PUB_KEY_FULLPATH="${1}"
[ -n "${3+x}" ] && GPG_SUBKEY_ID="${3}"

if [ ! -f "${GNUPGHOME}/pubring.kbx" ]; then
    echo "The file 'pubring.kbx' file has not been found. Generating automatically a new one with a new set of keys..."
    KEY_NAME="Joe Tester"
    KEY_PASSPHRASE="over-the-lazy-dog"
    cat >foo_keys <<EOF
         %echo Generating a basic OpenPGP key
         Key-Type: RSA
         Key-Usage: sign
         Key-Length: 4096
         Subkey-Type: RSA
         Subkey-Usage: sign
         Subkey-Length: 4096
         Name-Real: ${KEY_NAME}
         Name-Comment: with stupid passphrase
         Name-Email: joe@foo.bar
         Expire-Date: 0
         Passphrase: ${KEY_PASSPHRASE}
         # Do a commit here, so that we can later print "done" :-)
         %commit
         %echo done
EOF
    gpg --batch --generate-key foo_keys
    echo "${KEY_PASSPHRASE}" > "${GNUPGHOME}/passphrase"
fi

if [ -z "${GPG_SUBKEY_ID+x}" ]; then
    echo "A GPG key id has not been defined.

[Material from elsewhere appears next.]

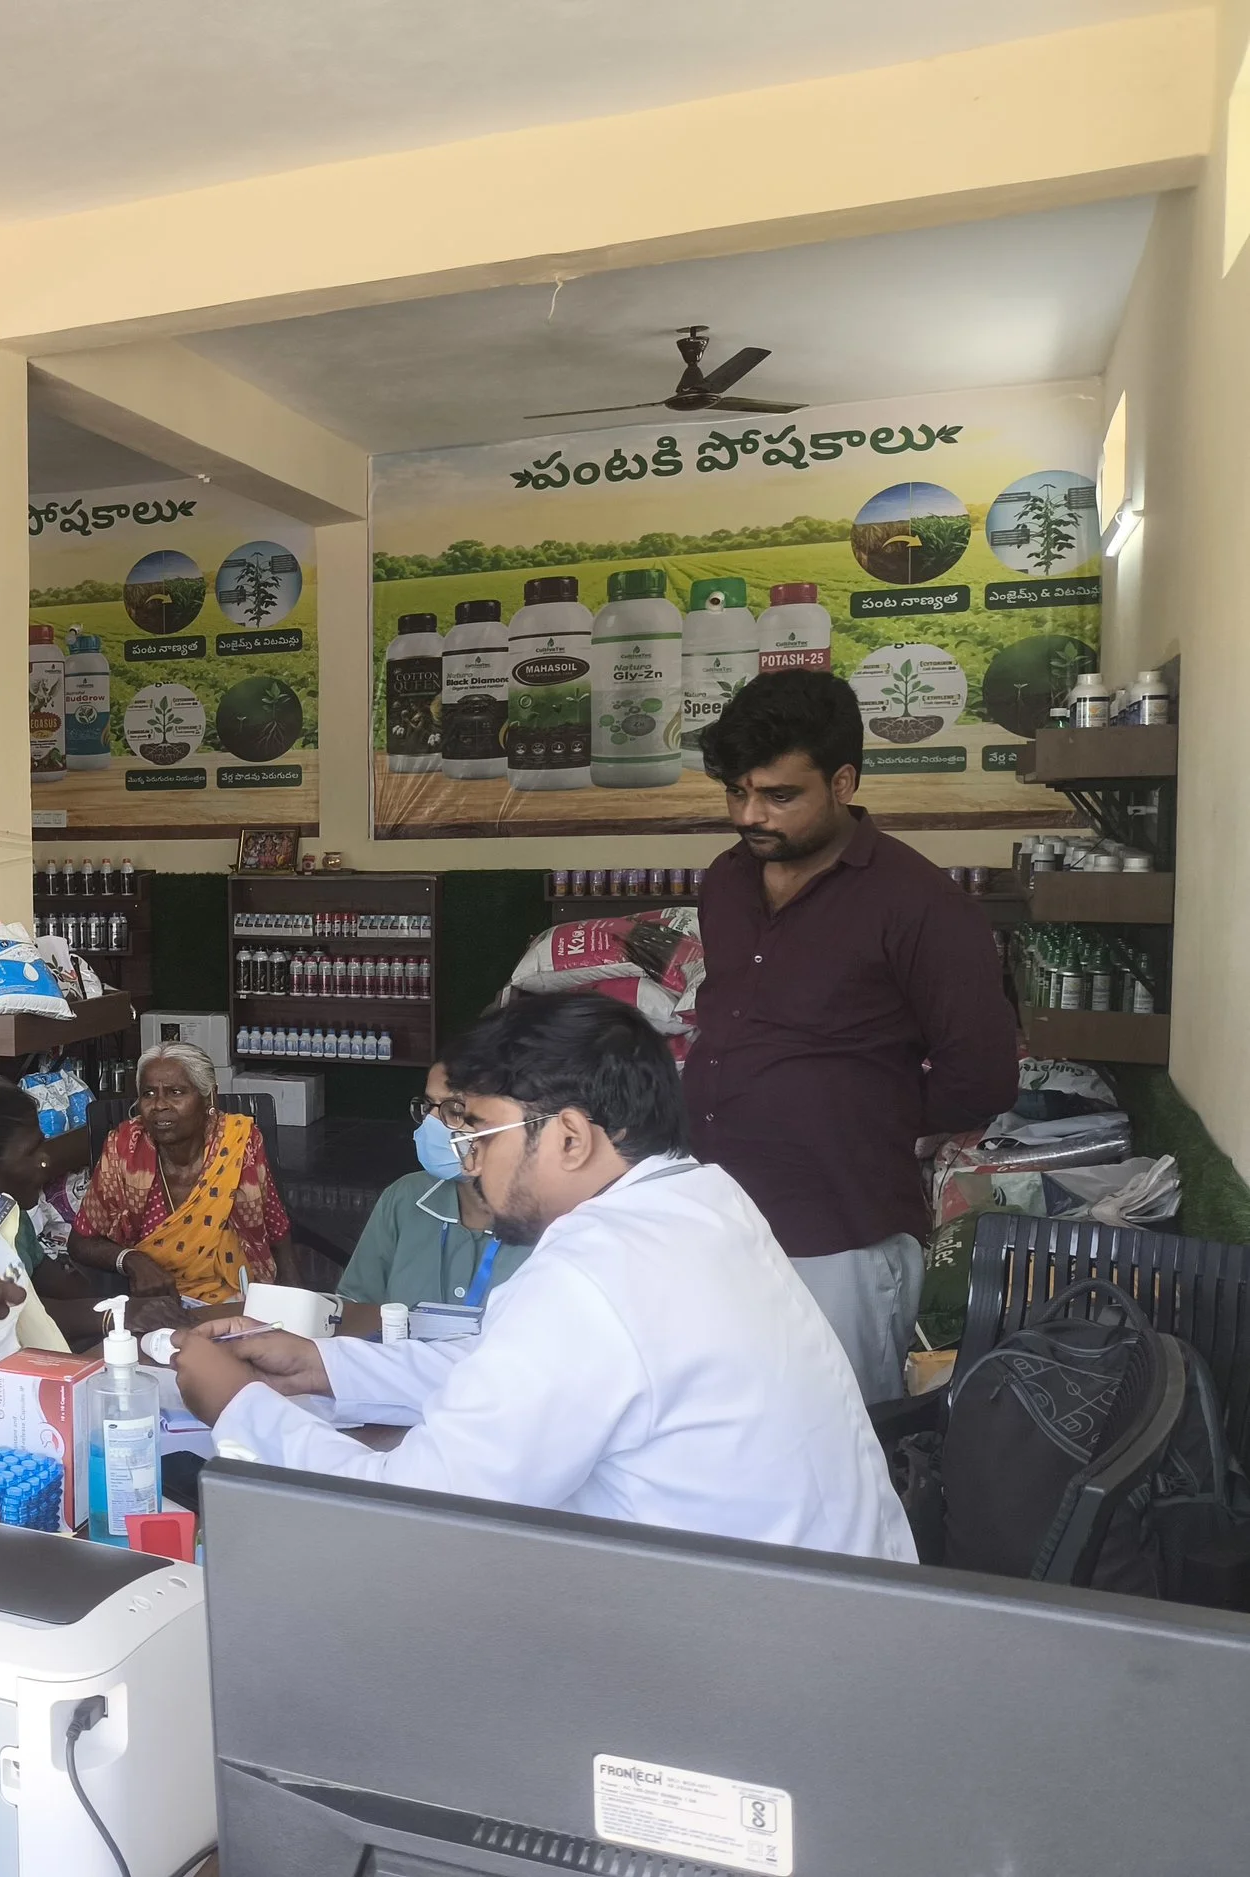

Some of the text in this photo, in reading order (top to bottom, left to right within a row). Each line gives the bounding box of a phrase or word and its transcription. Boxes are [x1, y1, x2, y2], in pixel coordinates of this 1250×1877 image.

Automatically selecting a fingerprint..."
    # List key and its subkey with their respective fingerprints | filter fingerprints of both keys | pick fingerprint of the second row
    # (the subkey seems to be listed always after its respective subkey)
    GPG_SUBKEY_ID="$(gpg --list-secret-key --with-subkey-fingerprint --with-colons | awk -F: '$1 == "fpr" {print $10;}' | sed -n '2 p')"
fi

# - Generate the armored pub key (NEW_KEY) that has to be published;
# - If the key does not exists in PUB_KEY_FULLPATH, place NEW_KEY;
# - If PUB_KEY_FULLPATH exixts but is not identical to NEW_KEY, then backup
#   the old key (PUB_KEY_FULLPATH) and replace it with the new one (NEW_KEY).
# - Else do nothing.
NEW_KEY="$(mktemp)"
gpg --armor --export "${GPG_SUBKEY_ID}" > "${NEW_KEY}"
if [ ! -f "${PUB_KEY_FULLPATH}" ];then
    echo "Public key not published. Generating and publishing it..."
    mv "${NEW_KEY}" "${PUB_KEY_FULLPATH}"
elif [ -f "${PUB_KEY_FULLPATH}" ] &&  ! cmp --silent "${PUB_KEY_FULLPATH}" "${NEW_KEY}"; then
    mv "${PUB_KEY_FULLPATH}" "${PUB_KEY_FULLPATH}".bak
    mv "${NEW_KEY}" "${PUB_KEY_FULLPATH}"
fi

echo "Signing the repo..."
gpg --passphrase-file "${GNUPGHOME}/passphrase" --pinentry-mode loopback --default-key "${GPG_SUBKEY_ID}" -abs -o - "${REPO_PATH}/Release" > "${REPO_PATH}/Release.gpg"
gpg --passphrase-file "${GNUPGHOME}/passphrase" --pinentry-mode loopback --default-key "${GPG_SUBKEY_ID}" --clearsign -o - "${REPO_PATH}/Release" > "${REPO_PATH}/InRelease"